* **Required work**: Write out the listing again, exactly as it appears below.

* **Available data**:
################

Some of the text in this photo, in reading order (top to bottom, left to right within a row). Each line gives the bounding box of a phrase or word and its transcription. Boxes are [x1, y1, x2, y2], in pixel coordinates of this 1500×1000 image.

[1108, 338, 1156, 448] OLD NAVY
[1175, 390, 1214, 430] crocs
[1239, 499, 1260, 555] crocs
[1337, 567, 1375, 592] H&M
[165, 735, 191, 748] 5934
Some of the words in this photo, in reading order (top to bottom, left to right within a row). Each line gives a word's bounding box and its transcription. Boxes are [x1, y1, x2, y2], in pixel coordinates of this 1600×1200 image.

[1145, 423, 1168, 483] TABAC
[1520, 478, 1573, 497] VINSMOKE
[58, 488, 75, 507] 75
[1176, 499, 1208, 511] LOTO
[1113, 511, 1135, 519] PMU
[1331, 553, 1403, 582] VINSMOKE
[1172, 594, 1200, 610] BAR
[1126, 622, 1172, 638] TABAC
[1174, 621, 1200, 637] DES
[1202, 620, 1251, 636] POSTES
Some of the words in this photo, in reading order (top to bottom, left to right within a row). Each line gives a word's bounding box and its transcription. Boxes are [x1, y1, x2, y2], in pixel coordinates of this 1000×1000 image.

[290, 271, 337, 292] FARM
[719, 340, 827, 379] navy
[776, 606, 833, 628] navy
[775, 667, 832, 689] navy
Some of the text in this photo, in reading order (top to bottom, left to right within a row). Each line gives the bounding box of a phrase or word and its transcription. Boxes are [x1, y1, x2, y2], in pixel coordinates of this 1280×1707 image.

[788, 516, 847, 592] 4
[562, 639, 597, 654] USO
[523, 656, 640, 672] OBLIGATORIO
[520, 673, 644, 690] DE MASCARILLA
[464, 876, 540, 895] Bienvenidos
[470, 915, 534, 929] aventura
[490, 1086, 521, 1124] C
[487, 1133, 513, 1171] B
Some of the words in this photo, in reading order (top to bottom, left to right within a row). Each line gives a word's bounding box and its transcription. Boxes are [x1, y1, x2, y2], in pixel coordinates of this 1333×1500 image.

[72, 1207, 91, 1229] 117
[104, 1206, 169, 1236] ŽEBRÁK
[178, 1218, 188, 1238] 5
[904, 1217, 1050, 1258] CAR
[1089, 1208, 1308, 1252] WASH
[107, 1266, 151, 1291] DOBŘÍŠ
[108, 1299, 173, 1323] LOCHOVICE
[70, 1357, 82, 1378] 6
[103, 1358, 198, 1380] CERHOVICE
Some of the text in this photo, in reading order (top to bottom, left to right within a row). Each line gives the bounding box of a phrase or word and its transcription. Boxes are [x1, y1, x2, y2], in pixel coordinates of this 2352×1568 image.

################

* **Task output**:
Some of the text in this photo, in reading order (top to bottom, left to right within a row). Each line gives the bounding box of a phrase or word and its transcription. Boxes are [x1, y1, x2, y2], in pixel coordinates of this 1500×1000 image.

[1108, 338, 1156, 448] OLD NAVY
[1175, 390, 1214, 430] crocs
[1239, 499, 1260, 555] crocs
[1337, 567, 1375, 592] H&M
[165, 735, 191, 748] 5934
Some of the words in this photo, in reading order (top to bottom, left to right within a row). Each line gives a word's bounding box and its transcription. Boxes are [x1, y1, x2, y2], in pixel coordinates of this 1600×1200 image.

[1145, 423, 1168, 483] TABAC
[1520, 478, 1573, 497] VINSMOKE
[58, 488, 75, 507] 75
[1176, 499, 1208, 511] LOTO
[1113, 511, 1135, 519] PMU
[1331, 553, 1403, 582] VINSMOKE
[1172, 594, 1200, 610] BAR
[1126, 622, 1172, 638] TABAC
[1174, 621, 1200, 637] DES
[1202, 620, 1251, 636] POSTES
Some of the words in this photo, in reading order (top to bottom, left to right within a row). Each line gives a word's bounding box and its transcription. Boxes are [x1, y1, x2, y2], in pixel coordinates of this 1000×1000 image.

[290, 271, 337, 292] FARM
[719, 340, 827, 379] navy
[776, 606, 833, 628] navy
[775, 667, 832, 689] navy
Some of the text in this photo, in reading order (top to bottom, left to right within a row). Each line gives the bounding box of a phrase or word and its transcription. Boxes are [x1, y1, x2, y2], in pixel coordinates of this 1280×1707 image.

[788, 516, 847, 592] 4
[562, 639, 597, 654] USO
[523, 656, 640, 672] OBLIGATORIO
[520, 673, 644, 690] DE MASCARILLA
[464, 876, 540, 895] Bienvenidos
[470, 915, 534, 929] aventura
[490, 1086, 521, 1124] C
[487, 1133, 513, 1171] B
Some of the words in this photo, in reading order (top to bottom, left to right within a row). Each line gives a word's bounding box and its transcription. Boxes are [x1, y1, x2, y2], in pixel coordinates of this 1333×1500 image.

[72, 1207, 91, 1229] 117
[104, 1206, 169, 1236] ŽEBRÁK
[178, 1218, 188, 1238] 5
[904, 1217, 1050, 1258] CAR
[1089, 1208, 1308, 1252] WASH
[107, 1266, 151, 1291] DOBŘÍŠ
[108, 1299, 173, 1323] LOCHOVICE
[70, 1357, 82, 1378] 6
[103, 1358, 198, 1380] CERHOVICE
Some of the text in this photo, in reading order (top to bottom, left to right within a row). Each line gives the bounding box of a phrase or word and its transcription. Boxes are [x1, y1, x2, y2], in pixel coordinates of this 2352×1568 image.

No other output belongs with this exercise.